There was a radiation study that left his back scarred and discolored that he thinks was to test a salve to return the pigmentation. There was the milkshake study where he was required to drink a milkshake and eat a waffle for every meal for three weeks, which Rice thinks was part of developing protein shakes.

He also recalls downing a pill for a metabolic study that he said had something “foreign in it” that he believes left him with permanent mental scarring.

For Rice, his first inkling of trouble was a day he was talking to a Holmesburg guard, a man he knew from his life on the outside. All of a sudden, Rice said, he “snapped.”

“I could hear myself ask myself, ‘Herb, what are you doing?’”

That incident ended with Rice in solitary confinement and was the start of a lifetime of mental health problems.

Families destroyed

Leodus Johnson was once a happy-go-lucky man who worked at a clothing factory and supported his family. And Jones-Alston was daddy’s girl, sitting daily on the steps of her North Philadelphia apartment, awaiting his arrival from work for a ride on his shoulders.

But the factory shuttered in the ’60s. Johnson was laid off and, after a desperate but failed attempt to make money, he found himself at Holmesburg for receiving stolen goods. It was his first prison stay, but it wouldn’t be his last.

Wanting to make bail, he did what about 90% of those incarcerated at Holmesburg did: He signed up for Kligman’s experiments. “My mother begged him not to, but he wouldn’t listen,” said Jones-Alston.
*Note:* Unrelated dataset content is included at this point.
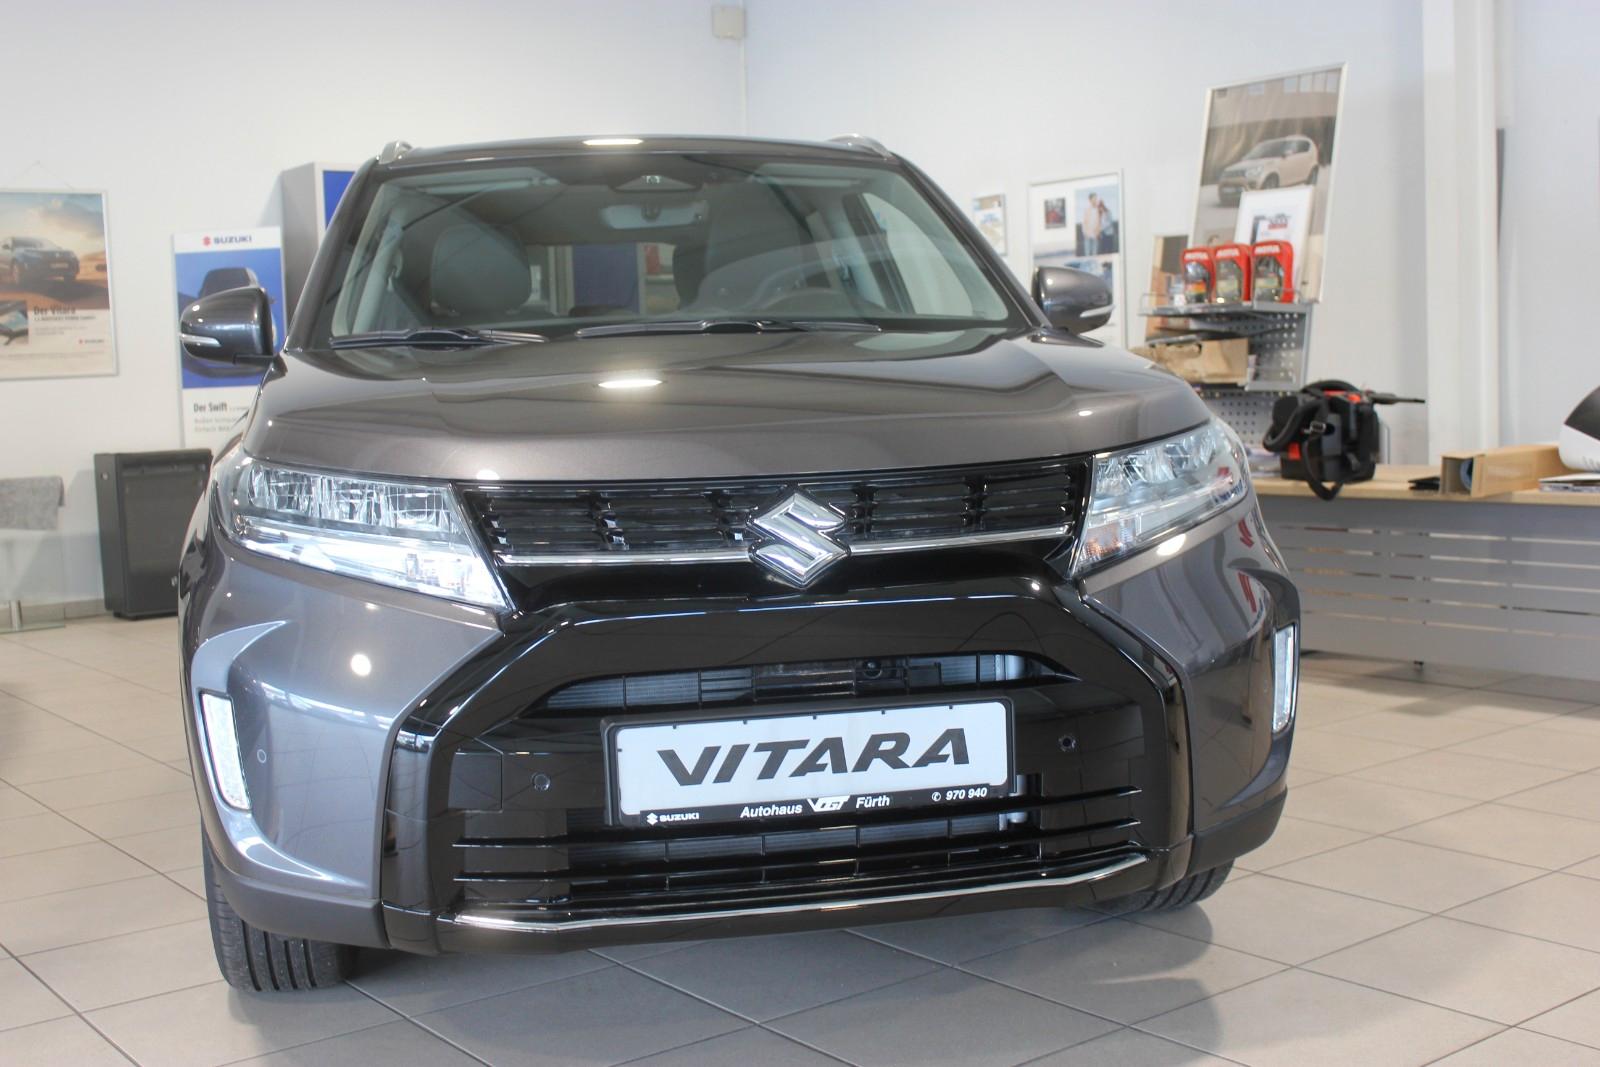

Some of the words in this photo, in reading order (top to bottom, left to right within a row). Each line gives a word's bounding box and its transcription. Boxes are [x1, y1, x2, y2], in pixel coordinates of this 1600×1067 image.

“I was in prison with a low bail. I couldn’t afford the monies to pay for bail. I knew that I wasn’t guilty of what I was being held for. I was being coerced to plea bargain. So, I thought, if I can get out of this, get me enough money to get a lawyer, I can beat this,” Johnson said in a 1999 interview. He died in 2018.

Like Rice, Johnson changed after the testing.

Jones-Alston said she was about 5 years old when she experienced her first glimpse of the white scars on her father’s back. The sight left her shaken, thinking her father’s disfigurement and increasingly erratic behavior was evidence that he had become a monster. Eventually her father’s violent eruptions destroyed the family. At the time no one understood what was wrong, but Jones-Alston said her father’s spiraling mental health also started her own downward path.

It began with running away from home, which lead to homelessness, violence, and mental health challenges. Ultimately it led to her own incarceration on drug-related charges. In short, her crime life paralleled her father’s, including becoming a justice advocate like him.

Johnson founded the Community Assistance for Prisoners in Philadelphia, helping those experiencing reentry find jobs and fighting against police brutality.

Holmesburg’s legacy

After a year of experiments, Rice was eventually moved to Graterford (which closed in 2018) and then Rockview prisons.

Once released, he was able to work but found it difficult to maintain relationships. He married three times, and two of his best friends from Holmesburg, who shared his experiences, died by suicide.

Even today, 52 years later, he can still have terrifying nightmares of men in white coats chasing him down H-block with needles. His story is tragic but a common one among survivors of the Holmesburg experiments.

Rice added: “I lost my kids. I lost my wife. I lost my friends.”